▶ What is being asked:
Retype exactly the lines from the one with "this 1300×1733 image." down to the final line of the material below, both included, and nothing more.

******************************

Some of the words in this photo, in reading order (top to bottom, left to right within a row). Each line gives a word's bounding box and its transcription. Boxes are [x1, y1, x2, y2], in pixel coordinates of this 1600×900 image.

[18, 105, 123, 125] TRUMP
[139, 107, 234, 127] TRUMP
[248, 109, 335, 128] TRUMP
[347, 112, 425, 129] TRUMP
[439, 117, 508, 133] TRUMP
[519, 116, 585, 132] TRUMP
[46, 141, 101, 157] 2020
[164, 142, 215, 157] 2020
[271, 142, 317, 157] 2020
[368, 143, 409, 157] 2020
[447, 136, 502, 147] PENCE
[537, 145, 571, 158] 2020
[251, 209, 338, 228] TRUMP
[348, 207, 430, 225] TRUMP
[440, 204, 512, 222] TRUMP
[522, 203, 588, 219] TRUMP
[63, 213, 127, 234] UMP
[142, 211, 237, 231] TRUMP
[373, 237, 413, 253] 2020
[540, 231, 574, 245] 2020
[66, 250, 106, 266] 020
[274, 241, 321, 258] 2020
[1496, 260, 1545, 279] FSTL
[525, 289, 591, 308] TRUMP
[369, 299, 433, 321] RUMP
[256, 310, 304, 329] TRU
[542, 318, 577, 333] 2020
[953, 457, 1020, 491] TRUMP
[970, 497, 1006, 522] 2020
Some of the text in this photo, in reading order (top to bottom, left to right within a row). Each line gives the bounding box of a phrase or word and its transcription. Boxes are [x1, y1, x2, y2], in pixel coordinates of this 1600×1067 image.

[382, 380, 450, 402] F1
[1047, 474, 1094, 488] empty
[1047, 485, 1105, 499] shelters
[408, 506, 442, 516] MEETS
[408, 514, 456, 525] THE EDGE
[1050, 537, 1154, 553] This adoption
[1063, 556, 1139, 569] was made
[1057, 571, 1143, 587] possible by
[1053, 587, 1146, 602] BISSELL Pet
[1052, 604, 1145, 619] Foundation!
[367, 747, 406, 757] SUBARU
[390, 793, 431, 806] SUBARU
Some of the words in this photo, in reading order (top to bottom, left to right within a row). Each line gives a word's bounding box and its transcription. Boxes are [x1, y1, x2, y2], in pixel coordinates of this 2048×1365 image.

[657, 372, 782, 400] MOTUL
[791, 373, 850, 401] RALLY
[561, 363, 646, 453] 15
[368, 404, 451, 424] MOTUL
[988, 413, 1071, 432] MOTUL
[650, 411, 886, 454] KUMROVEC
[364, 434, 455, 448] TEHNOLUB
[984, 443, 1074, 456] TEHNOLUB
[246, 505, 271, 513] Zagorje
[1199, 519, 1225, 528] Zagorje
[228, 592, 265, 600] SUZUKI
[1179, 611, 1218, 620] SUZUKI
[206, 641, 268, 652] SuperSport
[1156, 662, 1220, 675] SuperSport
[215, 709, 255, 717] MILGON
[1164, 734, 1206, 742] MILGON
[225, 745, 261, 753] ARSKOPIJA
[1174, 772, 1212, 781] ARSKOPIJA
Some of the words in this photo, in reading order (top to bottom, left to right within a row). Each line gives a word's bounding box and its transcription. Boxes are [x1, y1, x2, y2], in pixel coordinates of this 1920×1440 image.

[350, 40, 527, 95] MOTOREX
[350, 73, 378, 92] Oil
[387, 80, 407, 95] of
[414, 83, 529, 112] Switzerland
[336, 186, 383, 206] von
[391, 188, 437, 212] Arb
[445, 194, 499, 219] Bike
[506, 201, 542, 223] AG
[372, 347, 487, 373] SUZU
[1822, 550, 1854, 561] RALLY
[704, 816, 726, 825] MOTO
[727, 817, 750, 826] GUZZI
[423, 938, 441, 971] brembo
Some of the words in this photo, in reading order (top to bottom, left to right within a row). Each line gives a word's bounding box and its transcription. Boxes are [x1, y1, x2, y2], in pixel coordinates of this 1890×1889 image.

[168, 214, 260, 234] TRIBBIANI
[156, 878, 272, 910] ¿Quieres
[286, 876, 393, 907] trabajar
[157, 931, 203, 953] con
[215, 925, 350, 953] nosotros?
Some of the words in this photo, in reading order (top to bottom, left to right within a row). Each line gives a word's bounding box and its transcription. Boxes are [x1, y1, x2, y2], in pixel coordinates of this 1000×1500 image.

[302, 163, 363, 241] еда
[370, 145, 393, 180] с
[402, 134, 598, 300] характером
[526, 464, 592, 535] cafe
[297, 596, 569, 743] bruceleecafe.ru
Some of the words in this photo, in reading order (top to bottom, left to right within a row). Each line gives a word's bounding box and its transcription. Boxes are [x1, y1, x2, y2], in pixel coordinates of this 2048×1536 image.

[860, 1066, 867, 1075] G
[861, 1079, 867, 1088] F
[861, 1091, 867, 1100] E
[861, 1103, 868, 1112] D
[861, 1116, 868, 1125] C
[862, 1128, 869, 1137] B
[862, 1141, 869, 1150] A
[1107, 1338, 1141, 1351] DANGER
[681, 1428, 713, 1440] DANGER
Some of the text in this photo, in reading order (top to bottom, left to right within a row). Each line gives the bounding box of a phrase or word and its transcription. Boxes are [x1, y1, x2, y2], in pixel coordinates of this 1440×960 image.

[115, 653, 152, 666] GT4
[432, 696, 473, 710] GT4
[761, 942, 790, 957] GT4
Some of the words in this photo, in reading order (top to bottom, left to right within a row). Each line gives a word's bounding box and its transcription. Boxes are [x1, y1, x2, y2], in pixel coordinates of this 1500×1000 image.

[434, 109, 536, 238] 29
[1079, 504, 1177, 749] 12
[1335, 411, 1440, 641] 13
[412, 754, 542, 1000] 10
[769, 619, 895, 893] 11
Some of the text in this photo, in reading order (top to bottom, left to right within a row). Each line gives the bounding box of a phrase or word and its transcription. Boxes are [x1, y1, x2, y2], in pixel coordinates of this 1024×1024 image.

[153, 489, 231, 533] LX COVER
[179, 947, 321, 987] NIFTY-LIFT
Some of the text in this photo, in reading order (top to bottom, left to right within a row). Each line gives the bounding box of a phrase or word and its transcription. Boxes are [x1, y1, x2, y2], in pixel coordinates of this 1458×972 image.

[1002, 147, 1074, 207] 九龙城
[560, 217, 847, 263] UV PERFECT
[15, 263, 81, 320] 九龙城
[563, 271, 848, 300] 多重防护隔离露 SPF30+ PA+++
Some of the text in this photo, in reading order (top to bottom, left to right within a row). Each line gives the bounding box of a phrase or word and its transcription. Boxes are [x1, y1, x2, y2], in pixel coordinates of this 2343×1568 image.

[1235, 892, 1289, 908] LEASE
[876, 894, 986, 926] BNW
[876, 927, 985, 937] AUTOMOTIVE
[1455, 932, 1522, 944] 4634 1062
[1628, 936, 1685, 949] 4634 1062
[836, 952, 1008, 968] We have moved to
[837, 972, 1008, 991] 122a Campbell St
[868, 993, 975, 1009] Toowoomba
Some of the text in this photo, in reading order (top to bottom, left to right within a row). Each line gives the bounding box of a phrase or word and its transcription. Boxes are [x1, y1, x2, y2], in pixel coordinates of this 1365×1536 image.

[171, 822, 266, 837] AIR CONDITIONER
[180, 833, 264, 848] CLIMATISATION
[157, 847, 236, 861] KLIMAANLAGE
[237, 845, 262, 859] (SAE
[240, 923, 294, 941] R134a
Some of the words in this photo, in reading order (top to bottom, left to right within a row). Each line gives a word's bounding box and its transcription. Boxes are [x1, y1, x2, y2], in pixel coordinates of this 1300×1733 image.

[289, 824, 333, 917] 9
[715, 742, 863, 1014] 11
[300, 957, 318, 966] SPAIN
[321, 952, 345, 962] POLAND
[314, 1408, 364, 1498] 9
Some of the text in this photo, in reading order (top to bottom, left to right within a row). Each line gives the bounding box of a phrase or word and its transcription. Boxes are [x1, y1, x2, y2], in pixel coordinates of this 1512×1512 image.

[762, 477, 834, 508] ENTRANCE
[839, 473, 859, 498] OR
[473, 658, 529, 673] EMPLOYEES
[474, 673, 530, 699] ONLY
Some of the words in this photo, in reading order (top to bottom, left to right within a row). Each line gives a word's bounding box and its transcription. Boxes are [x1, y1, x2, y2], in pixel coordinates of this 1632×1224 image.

******************************

▶ Answer space:
Some of the words in this photo, in reading order (top to bottom, left to right within a row). Each line gives a word's bounding box and its transcription. Boxes are [x1, y1, x2, y2], in pixel coordinates of this 1300×1733 image.

[289, 824, 333, 917] 9
[715, 742, 863, 1014] 11
[300, 957, 318, 966] SPAIN
[321, 952, 345, 962] POLAND
[314, 1408, 364, 1498] 9
Some of the text in this photo, in reading order (top to bottom, left to right within a row). Each line gives the bounding box of a phrase or word and its transcription. Boxes are [x1, y1, x2, y2], in pixel coordinates of this 1512×1512 image.

[762, 477, 834, 508] ENTRANCE
[839, 473, 859, 498] OR
[473, 658, 529, 673] EMPLOYEES
[474, 673, 530, 699] ONLY
Some of the words in this photo, in reading order (top to bottom, left to right within a row). Each line gives a word's bounding box and its transcription. Boxes are [x1, y1, x2, y2], in pixel coordinates of this 1632×1224 image.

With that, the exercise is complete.